Romney Blocked Anti-Bullying Guide from Publication Over Objection to the Terms 'Bisexual' and 'Transgender'
Mitt Romney blocked an anti-bullying guide that could have helped thousands of Massachusetts school children over his objection that it contained the words 'bisexual' and 'transgender', terms sure to get the negative attention of social conservatives he needed for his 2008 presidential run, the Boston Globe reports in a front page story today:
Romney aides said publicly at the time that publication of the guide had been delayed because it was a lengthy document that required further review. But an e-mail authored in May of that year by a high-ranking Department of Public Health official - and obtained last week by the Globe through a public records request - reflected a different reason.

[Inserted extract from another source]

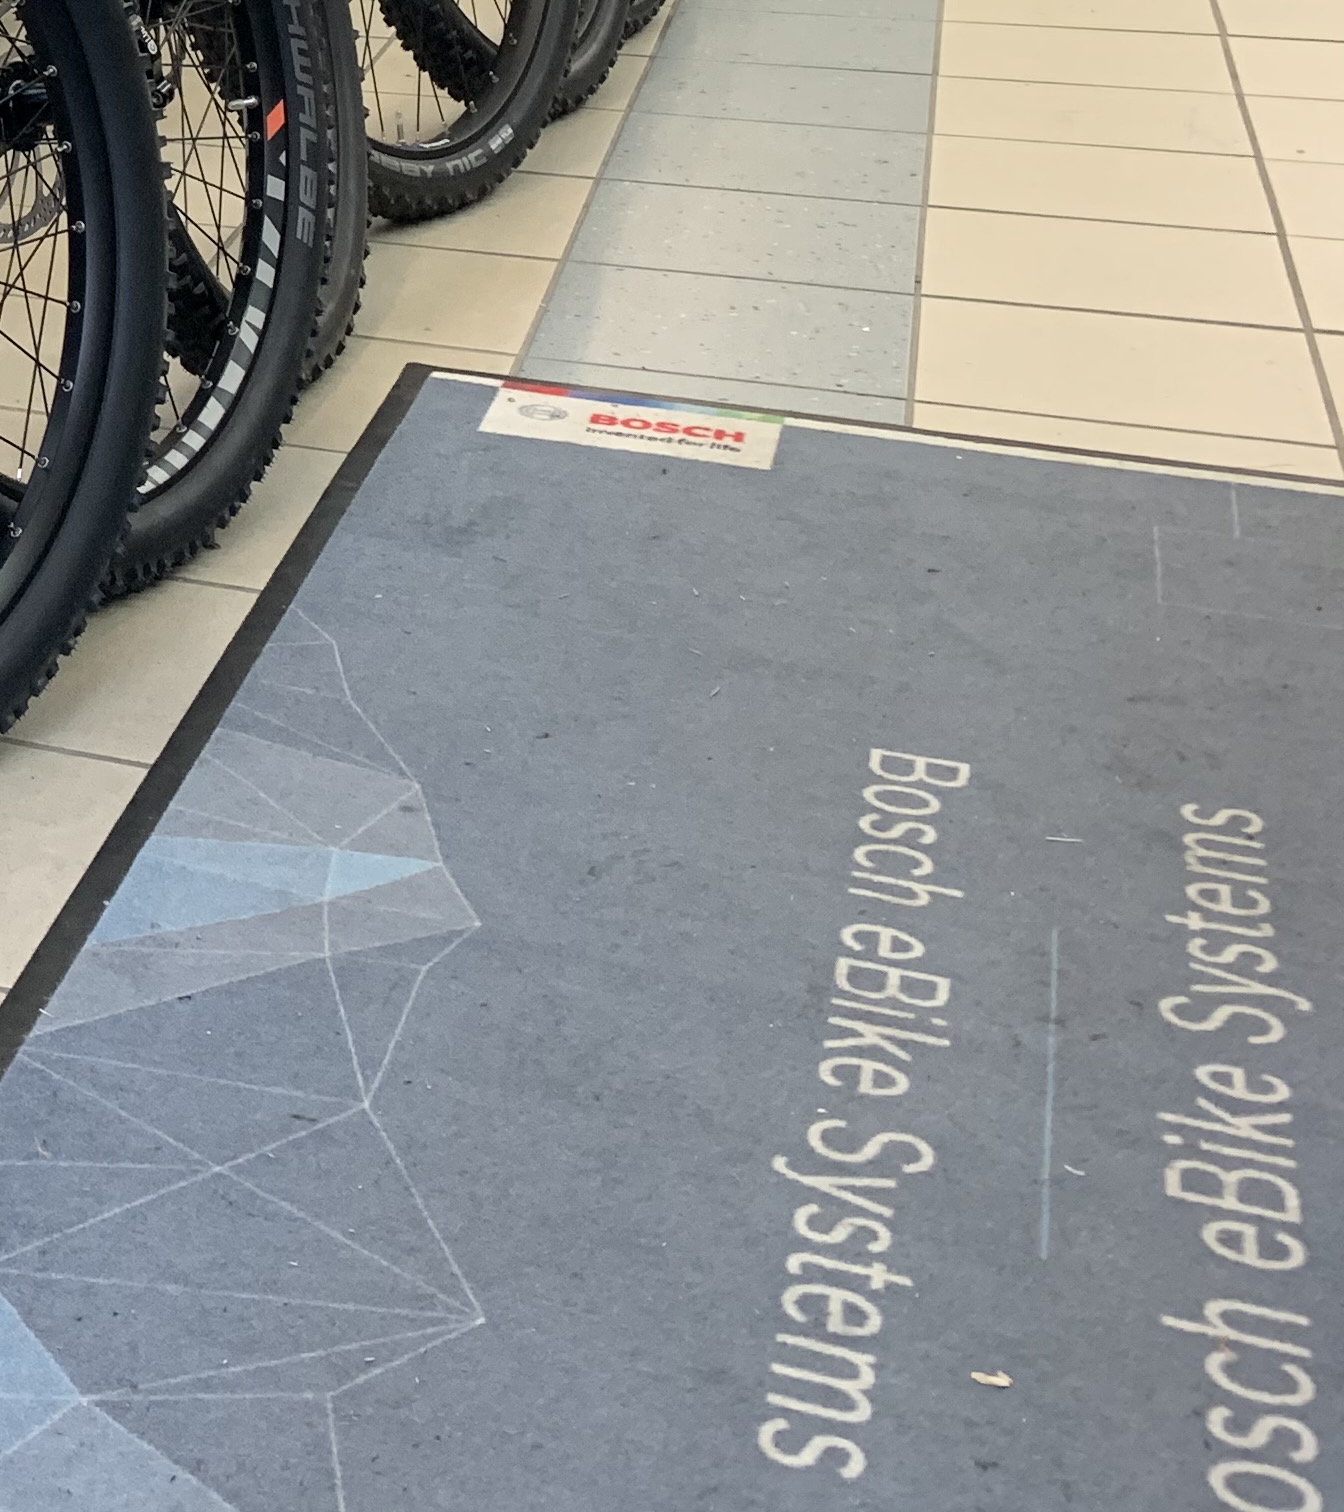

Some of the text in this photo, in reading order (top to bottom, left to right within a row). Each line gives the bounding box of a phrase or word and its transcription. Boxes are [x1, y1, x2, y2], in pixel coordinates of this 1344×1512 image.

“Because this is using the terms ‘bisexual’ and ‘transgendered,’ DPH’s name may not be used in this publication,’’ wrote the official, Alda Rego-Weathers, then the deputy commissioner of the Massachusetts Department of Public Health.

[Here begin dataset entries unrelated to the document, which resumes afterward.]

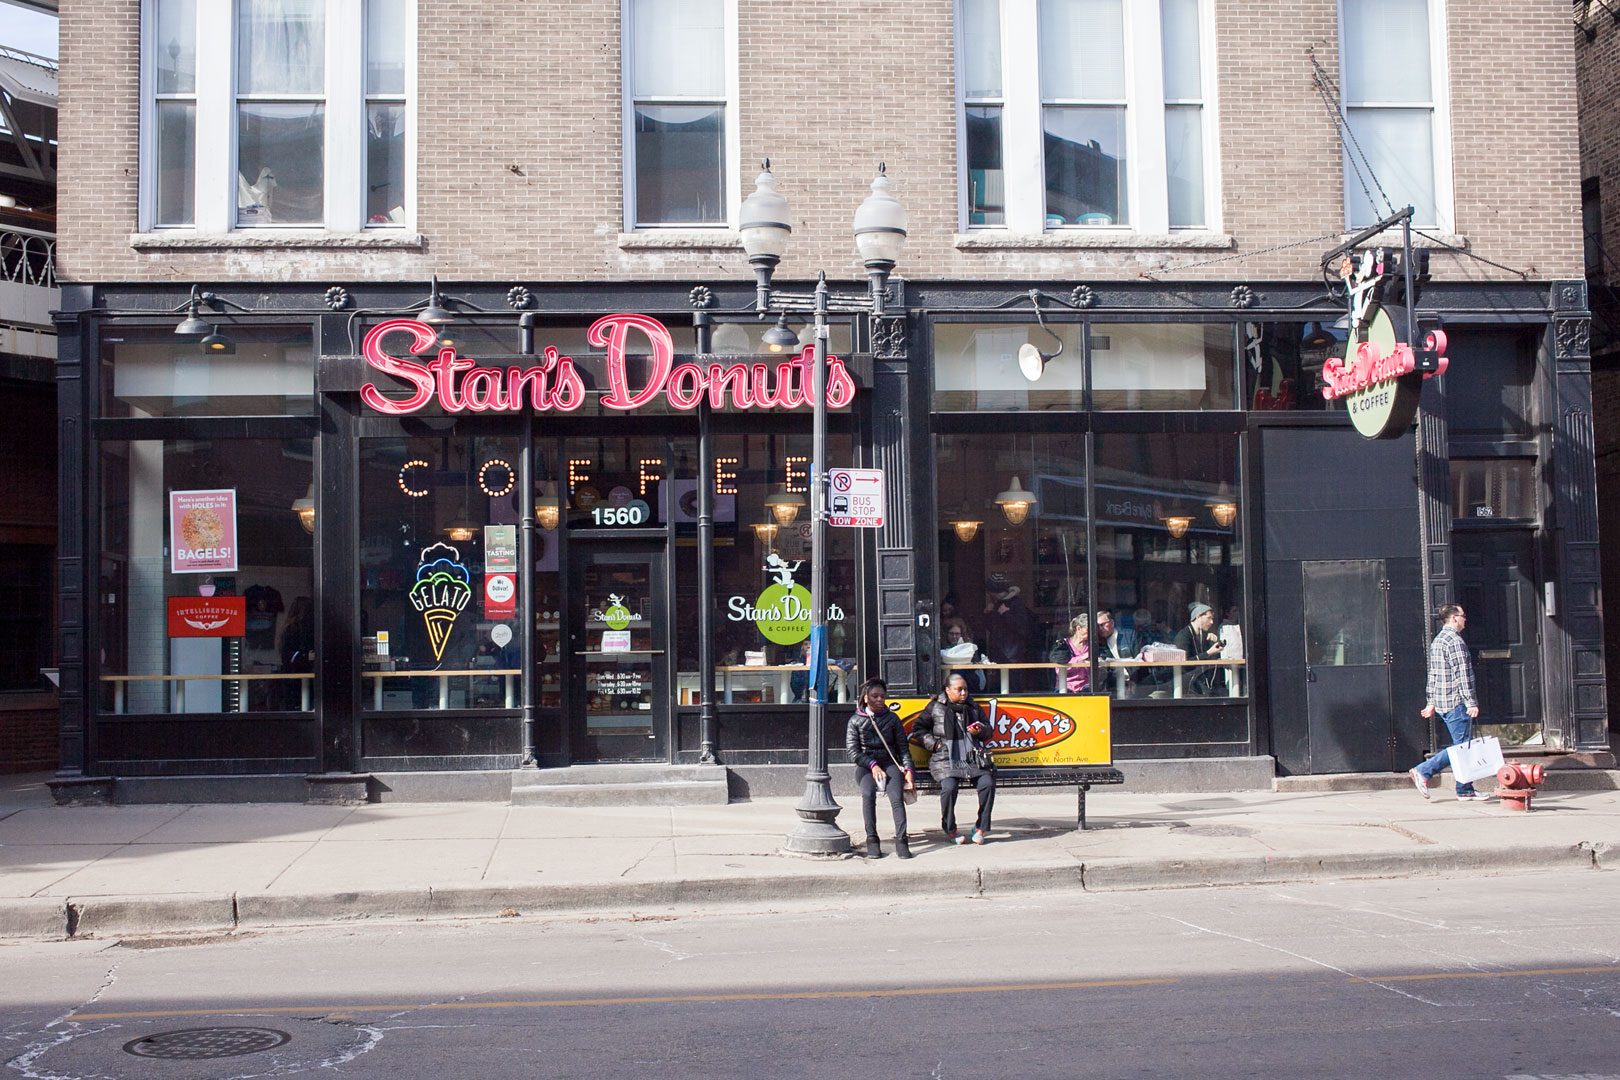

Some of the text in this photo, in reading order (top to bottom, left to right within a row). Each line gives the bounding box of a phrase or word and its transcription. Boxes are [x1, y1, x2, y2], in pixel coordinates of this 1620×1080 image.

[360, 313, 856, 414] Stan's Donuts
[1360, 392, 1389, 411] COFFEE
[852, 496, 871, 505] BUS
[591, 507, 642, 525] 1560
[852, 506, 875, 515] STOP
[833, 517, 878, 526] TOW ZONE
[177, 547, 231, 560] BAGELS!
[409, 585, 471, 612] GELATO
[727, 596, 781, 622] Stan's
[1020, 756, 1039, 764] 2057

The Department of Public Health was the guide's primary sponsor, so Romney's move stopped its publication.
Stifling the guide’s publication was among steps that Romney and his aides took during his last year in office to distance the Republican governor from state programs designed to specifically support gays, lesbians, and bisexual and transgender people. His critics said it was part of an effort to court social conservatives as he prepared for his first campaign for president in 2008.
And Romney certainly understood that LGBT people needed protection from bullying:
John Lauber, a soft-spoken new student one year behind Romney, was perpetually teased for his nonconformity and presumed homosexuality. Now he was walking around the all-boys school with bleached-blond hair that draped over one eye, and Romney wasn’t having it.
"He can’t look like that. That’s wrong. Just look at him!” an incensed Romney told Matthew Friedemann, his close friend in the Stevens Hall dorm, according to Friedemann’s recollection. Mitt, the teenaged son of Michigan Gov. George Romney, kept complaining about Lauber’s look, Friedemann recalled.